===== Extracted entries
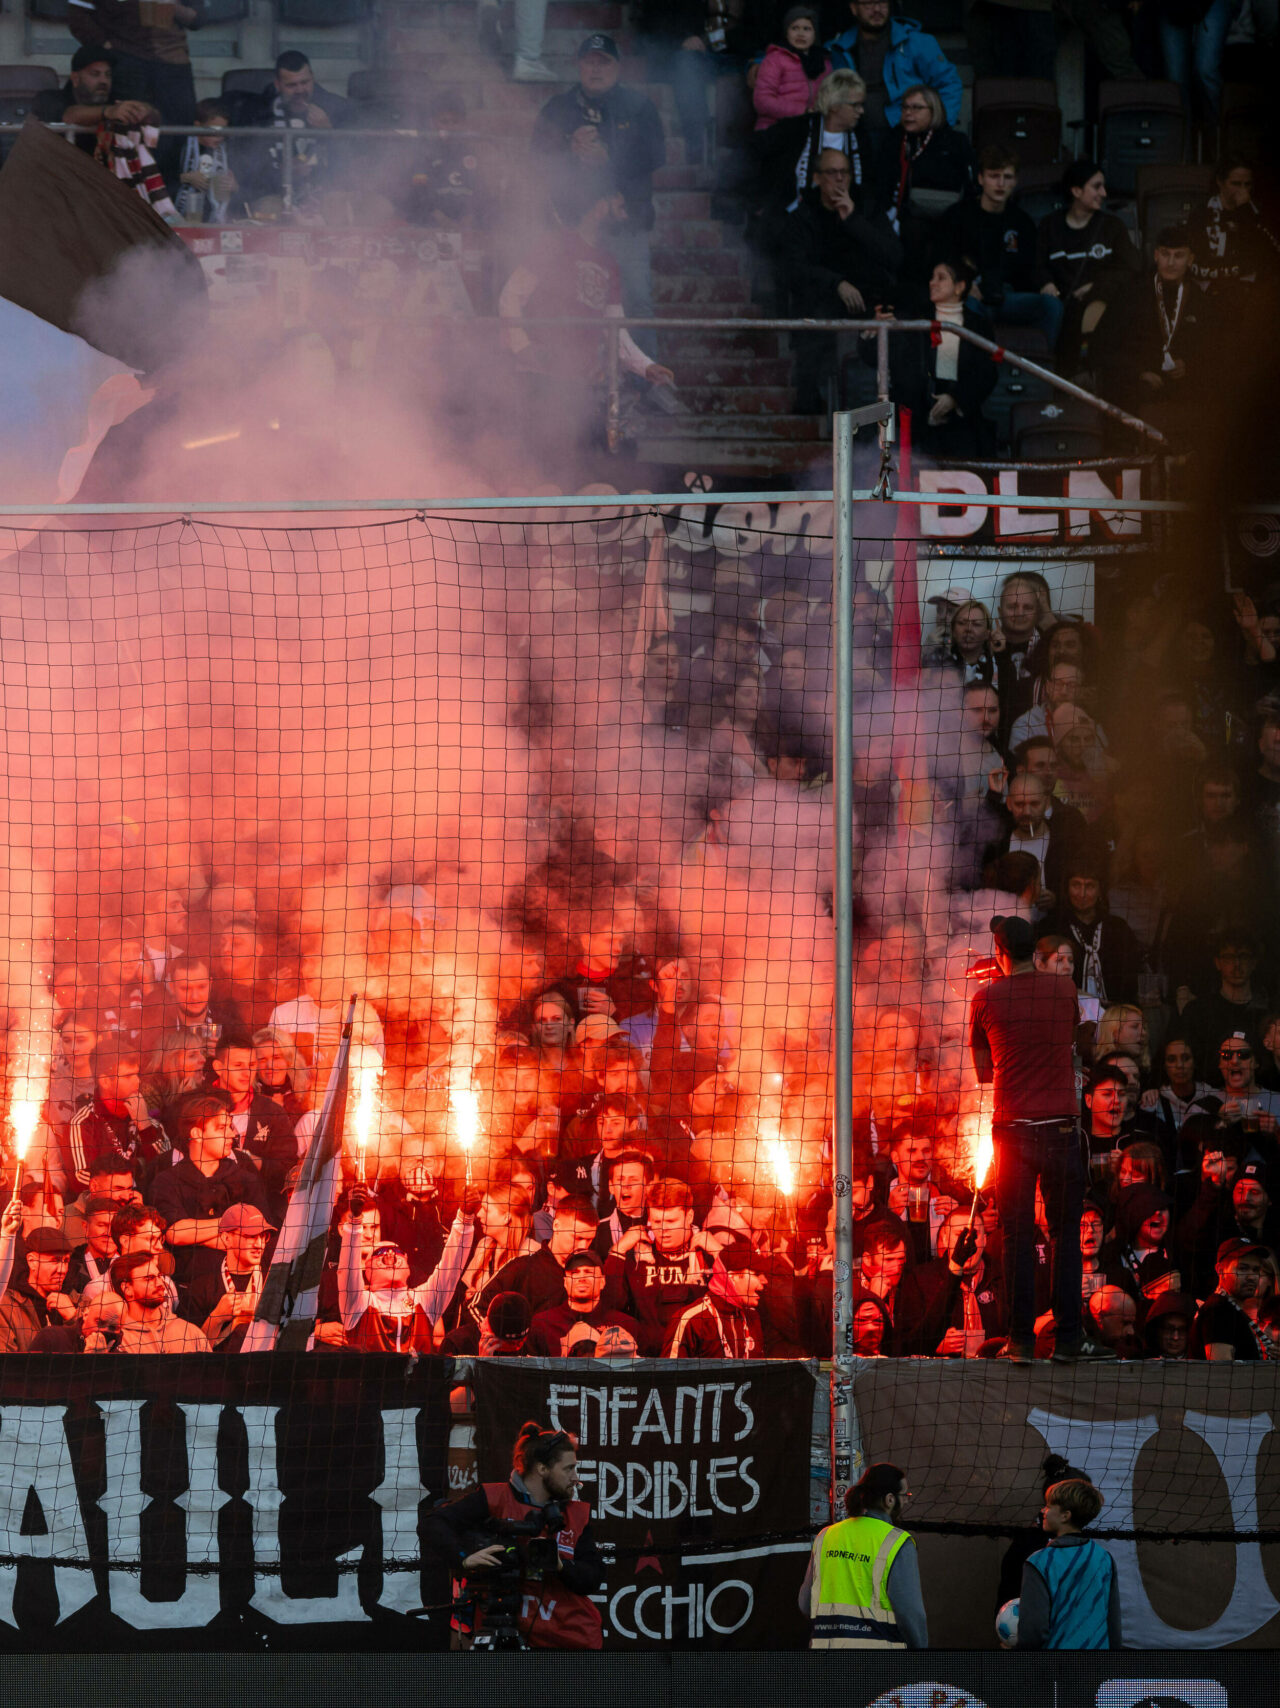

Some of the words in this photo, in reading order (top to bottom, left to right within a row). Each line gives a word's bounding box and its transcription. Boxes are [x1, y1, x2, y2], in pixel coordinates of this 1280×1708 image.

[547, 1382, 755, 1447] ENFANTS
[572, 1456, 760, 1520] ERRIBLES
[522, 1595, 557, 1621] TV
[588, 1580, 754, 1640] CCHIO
==========
- Work task
Make an exact copy of every entry above, but keep the pictures out of it.

- Response for this exercise
Some of the words in this photo, in reading order (top to bottom, left to right within a row). Each line gives a word's bounding box and its transcription. Boxes are [x1, y1, x2, y2], in pixel coordinates of this 1280×1708 image.

[547, 1382, 755, 1447] ENFANTS
[572, 1456, 760, 1520] ERRIBLES
[522, 1595, 557, 1621] TV
[588, 1580, 754, 1640] CCHIO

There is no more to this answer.